WHAT TO PRODUCE →
Write the data out again exactly, dropping any images it holds.

MATERIAL PROVIDED →
[Start of Attachment]
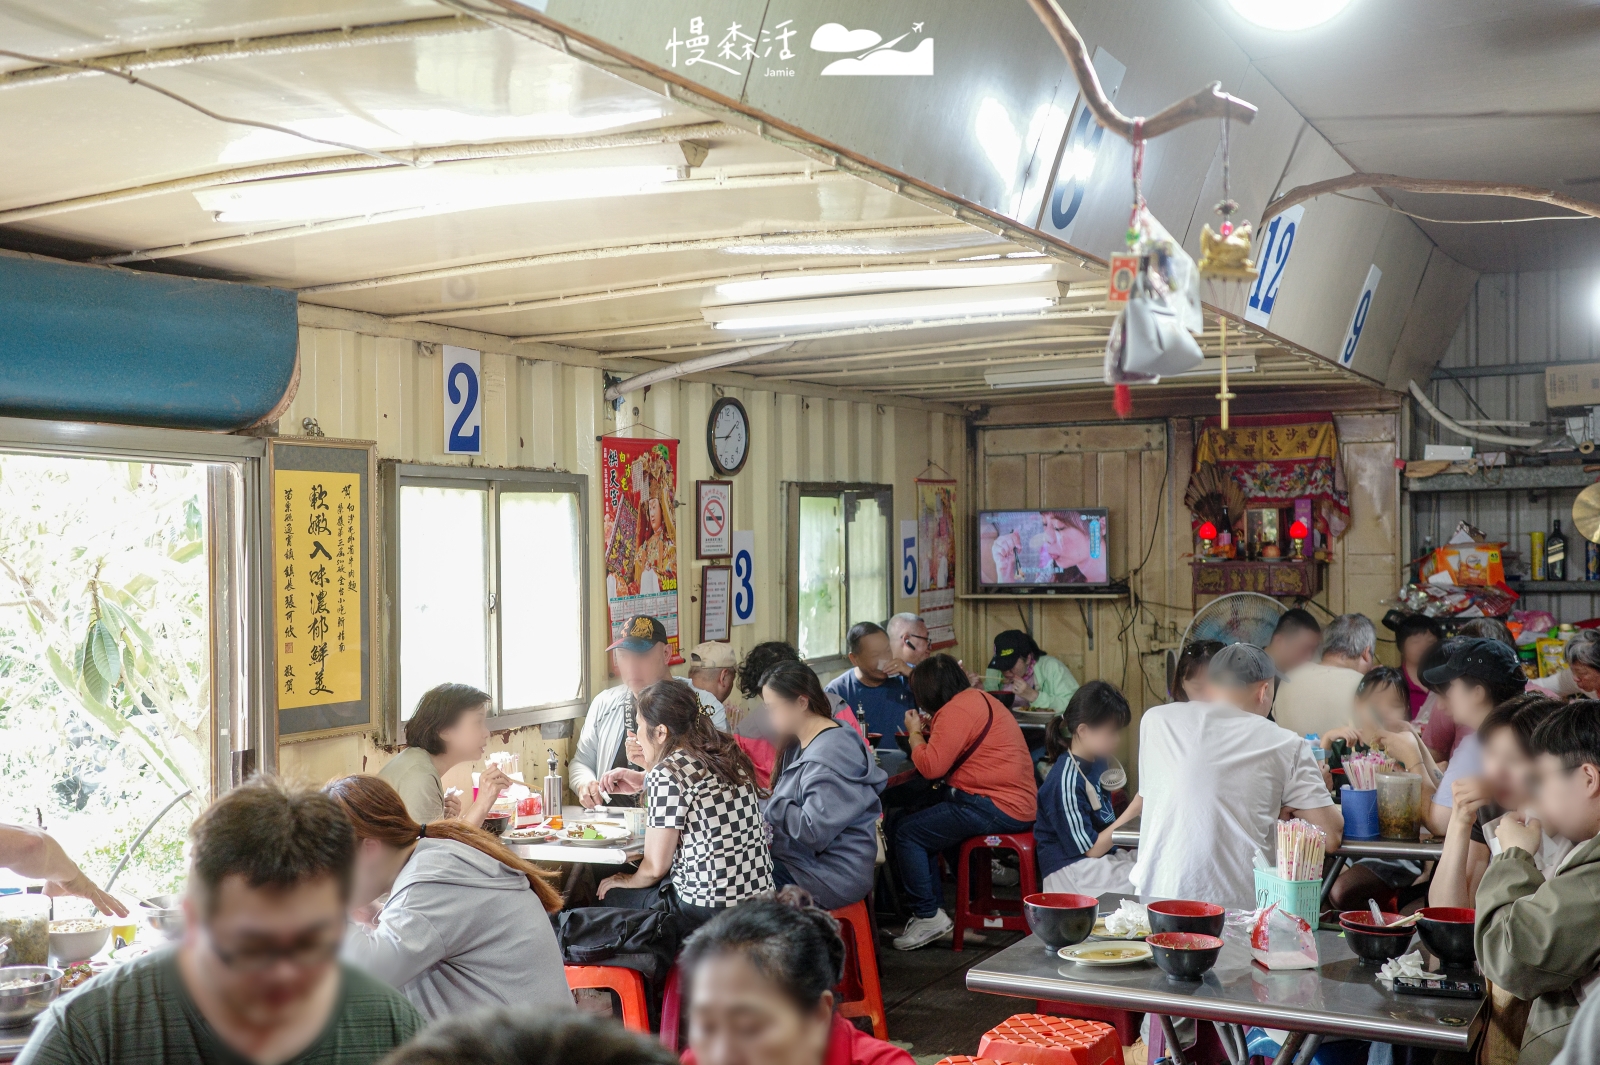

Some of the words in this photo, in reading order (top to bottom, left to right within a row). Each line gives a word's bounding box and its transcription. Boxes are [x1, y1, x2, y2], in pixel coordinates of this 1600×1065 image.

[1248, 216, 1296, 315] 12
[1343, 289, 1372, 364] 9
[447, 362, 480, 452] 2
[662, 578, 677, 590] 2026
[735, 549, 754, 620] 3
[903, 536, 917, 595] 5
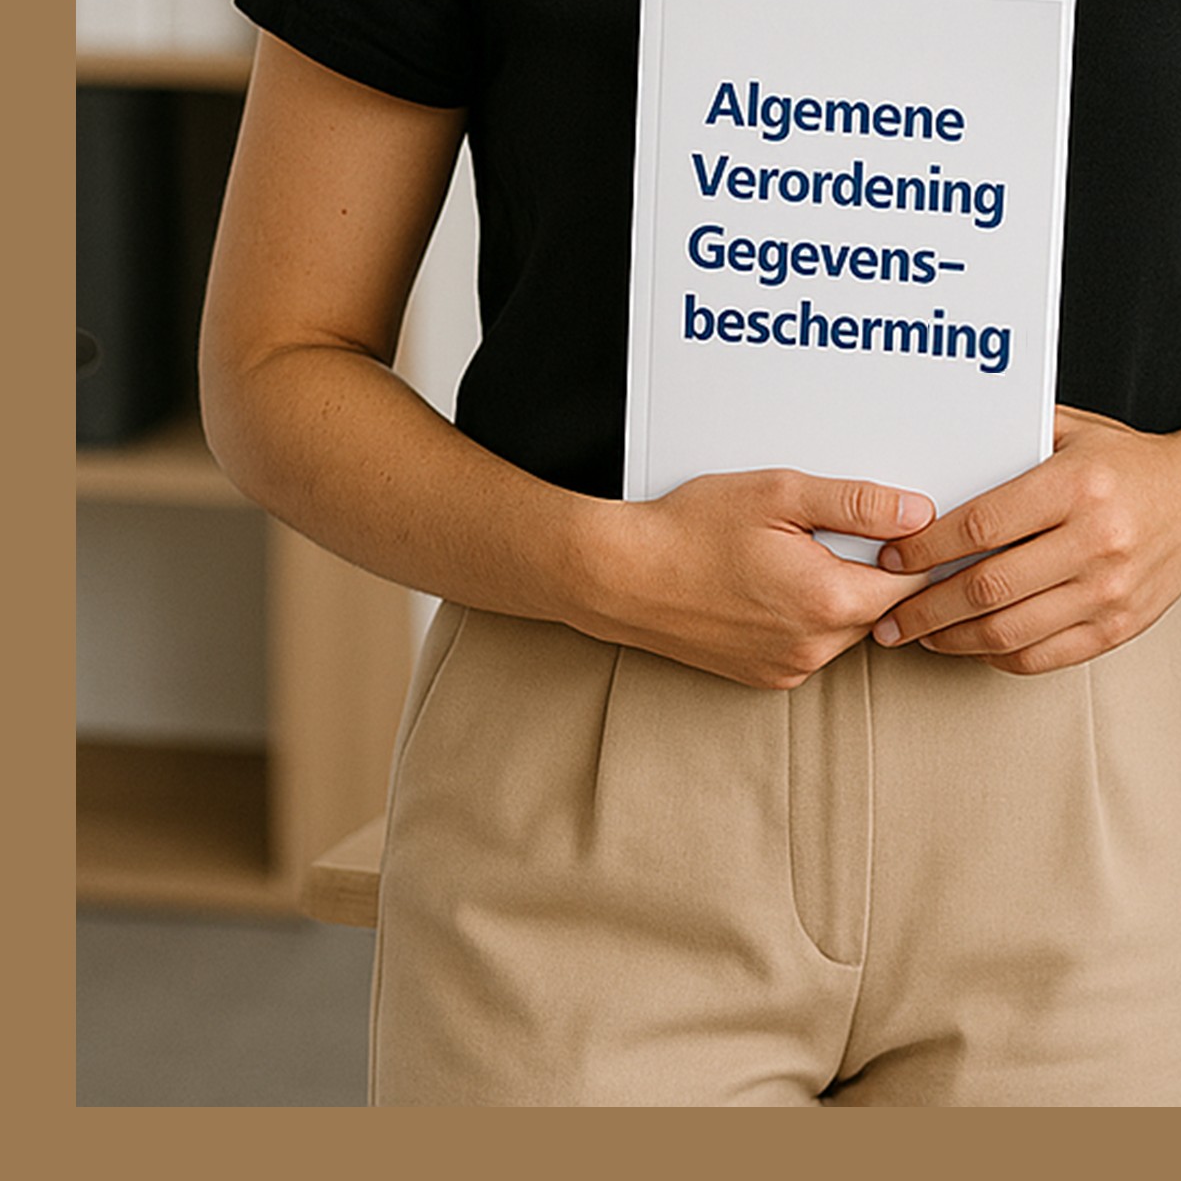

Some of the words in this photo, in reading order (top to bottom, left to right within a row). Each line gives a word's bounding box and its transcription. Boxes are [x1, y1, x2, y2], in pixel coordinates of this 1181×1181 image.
[End of Attachment]
EXERCISE SOLUTION →
Some of the words in this photo, in reading order (top to bottom, left to right within a row). Each line gives a word's bounding box and its transcription. Boxes are [x1, y1, x2, y2], in pixel coordinates of this 1600×1065 image.

[1248, 216, 1296, 315] 12
[1343, 289, 1372, 364] 9
[447, 362, 480, 452] 2
[662, 578, 677, 590] 2026
[735, 549, 754, 620] 3
[903, 536, 917, 595] 5

Some of the words in this photo, in reading order (top to bottom, left to right within a row). Each line gives a word's bounding box and its transcription. Boxes are [x1, y1, x2, y2], in pixel coordinates of this 1181×1181 image.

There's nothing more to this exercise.